Sarah found that her teeth were chattering, though whether from cold or shock she could not be sure, and Charles picked up her fur cape from where it lay on the floor of the boat and fastened it round her unresisting shoulders. There was a folded travelling rug on the forward cushion, and he shook it out and drew it up over her knees.

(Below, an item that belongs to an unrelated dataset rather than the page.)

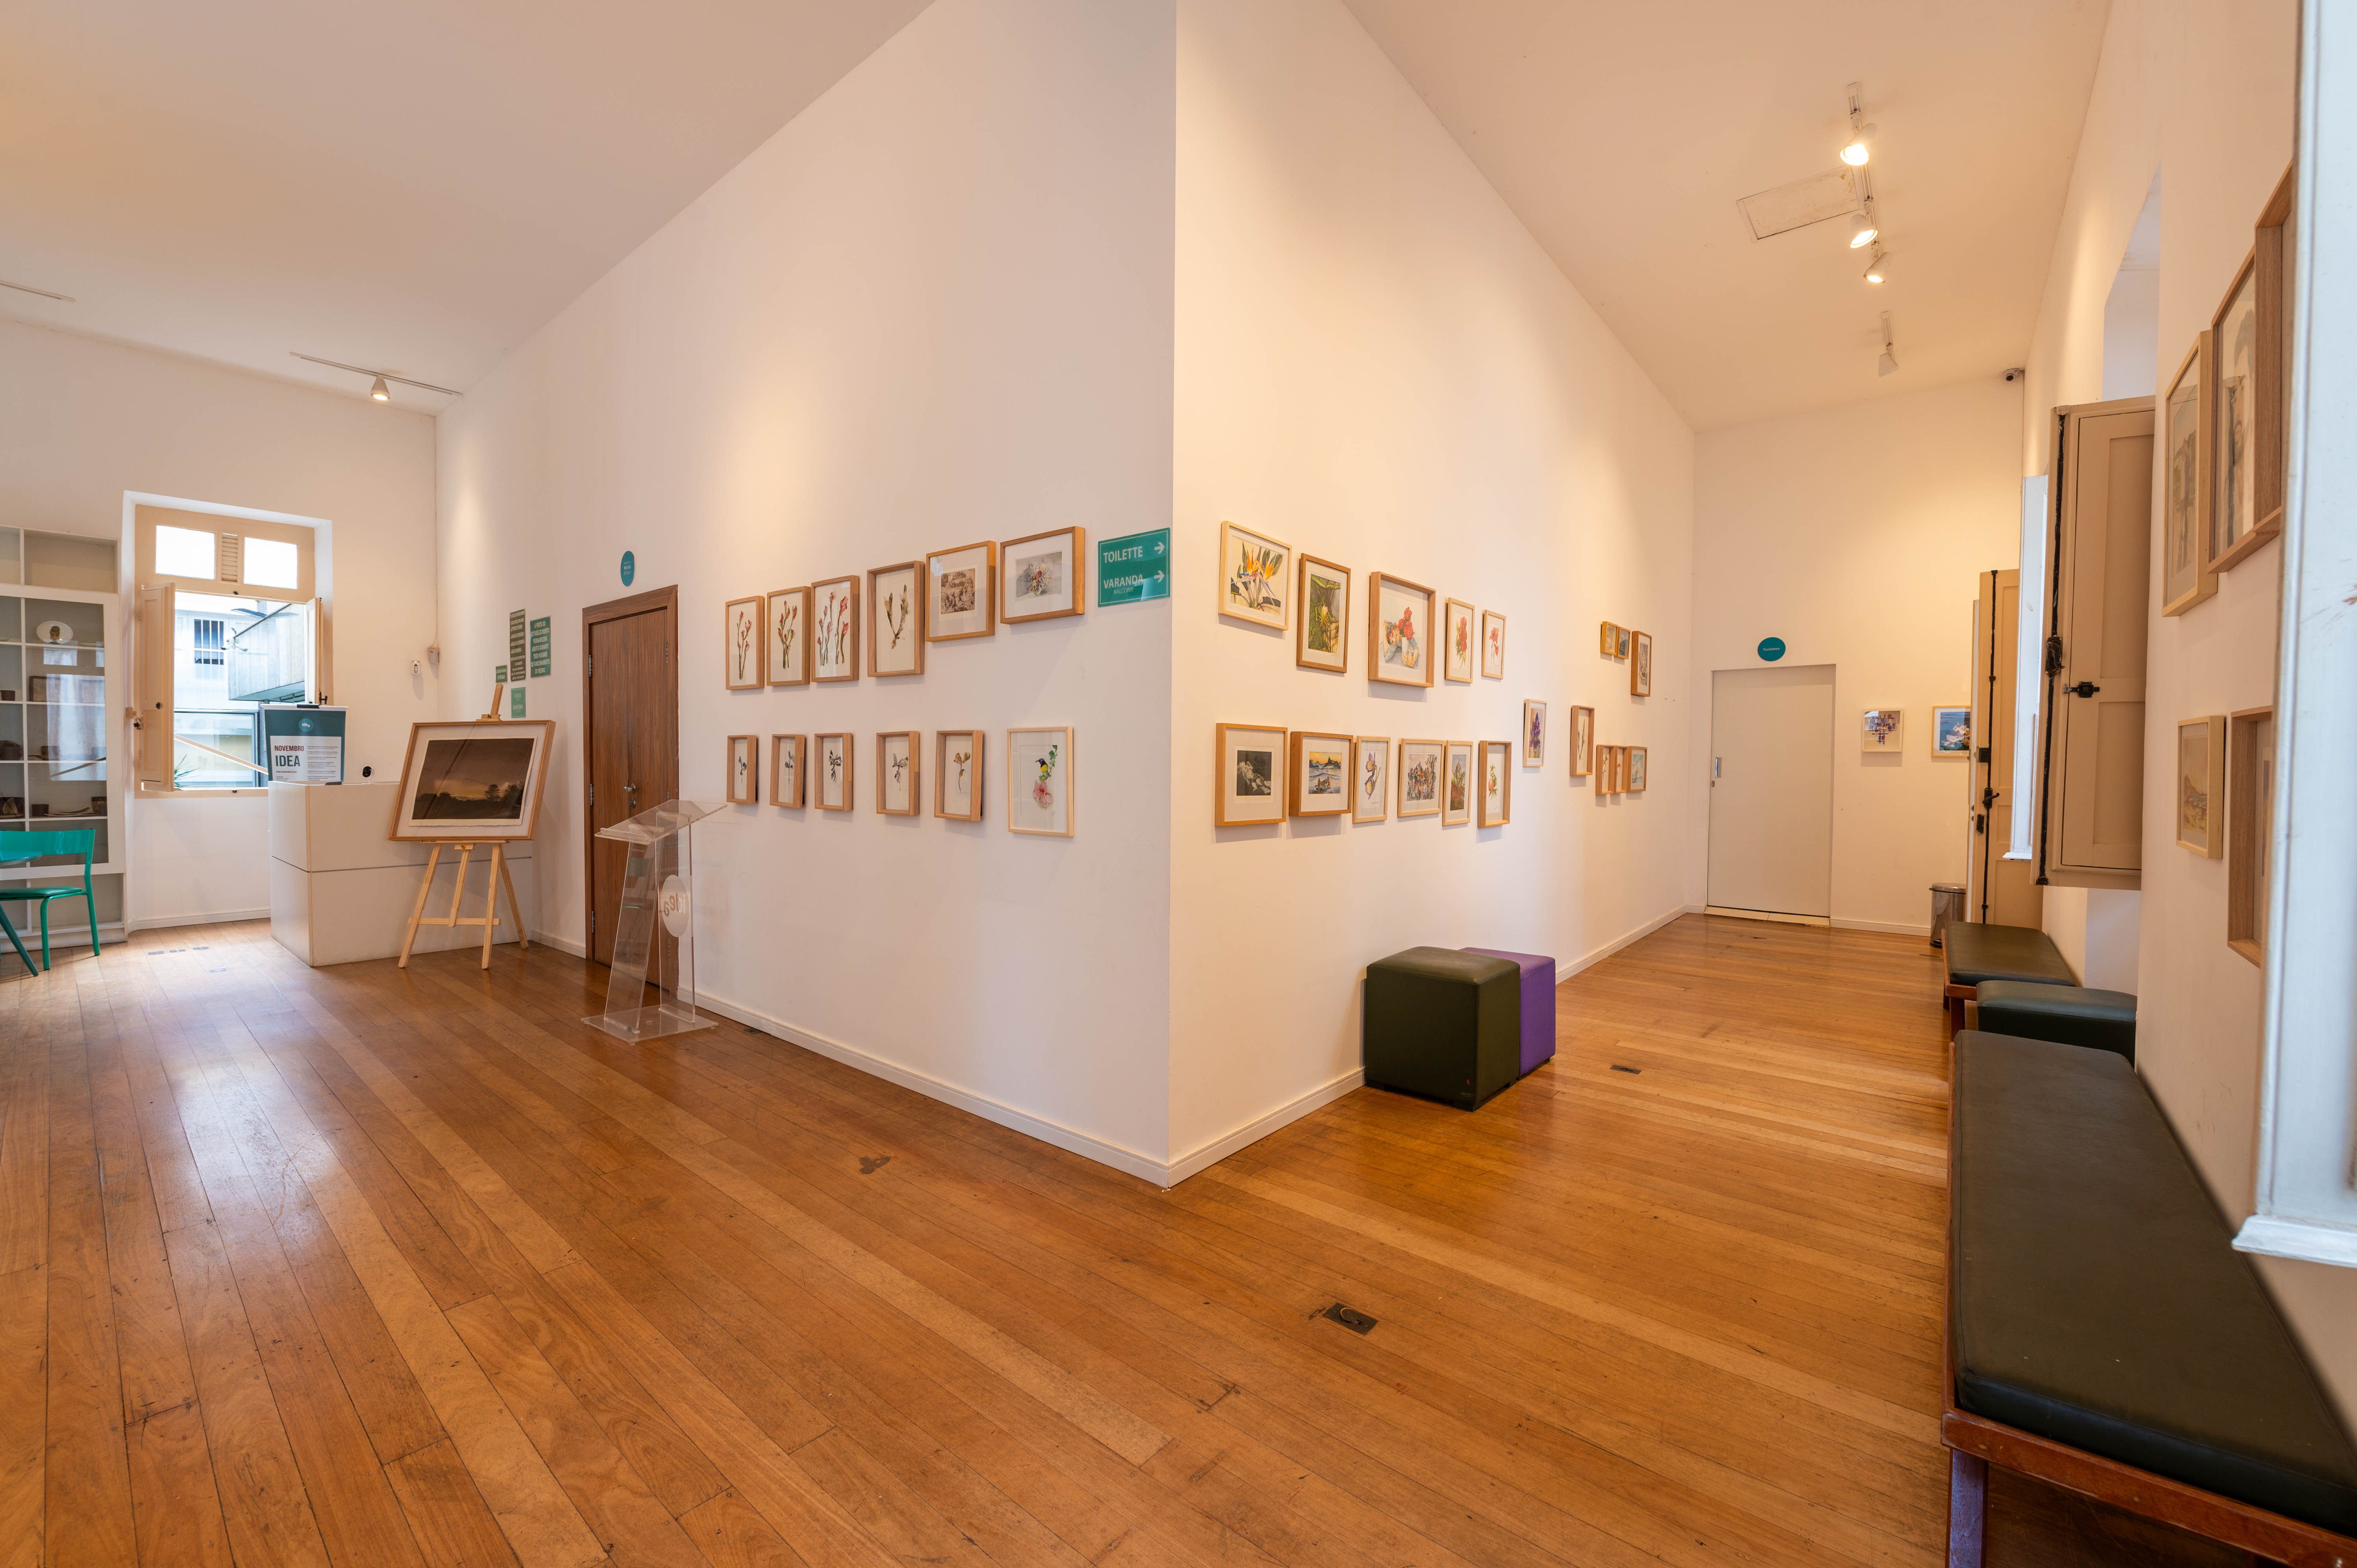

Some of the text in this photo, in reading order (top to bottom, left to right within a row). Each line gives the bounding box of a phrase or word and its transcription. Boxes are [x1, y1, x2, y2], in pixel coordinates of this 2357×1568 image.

[1103, 546, 1143, 563] TOILETTE
[1103, 574, 1143, 589] VARANDA
[276, 755, 300, 767] IDEA

Sarah said, trying to keep her voice steady: ‘What are those two going to do?'

‘Wait here until I send the boat back for them.'

‘Aren't you going to send for the police?'

‘No,' said Charles curtly. ‘The less the local police, or anyone else for that matter, knows about this, the better.'

‘But—the body. You can't just leave it there. What are they going to do with it?'

‘Dispose of it,' said Charles bluntly.

‘How?'

Charles shrugged his shoulders. ‘Oh there are ways. It's better for everyone concerned that Ahamdoo should just disappear. I assure you it isn't an unusual occurrence in this country.'

He relapsed into silence; frowning down at the tasselled shadow of the canopy fringe that jerked in time to every thrust of the paddles; his hands clasped about his knees.

Sarah drew the fur cape closer about her throat and shivered again, and Charles evidently felt the slight movement, for he glanced round at her.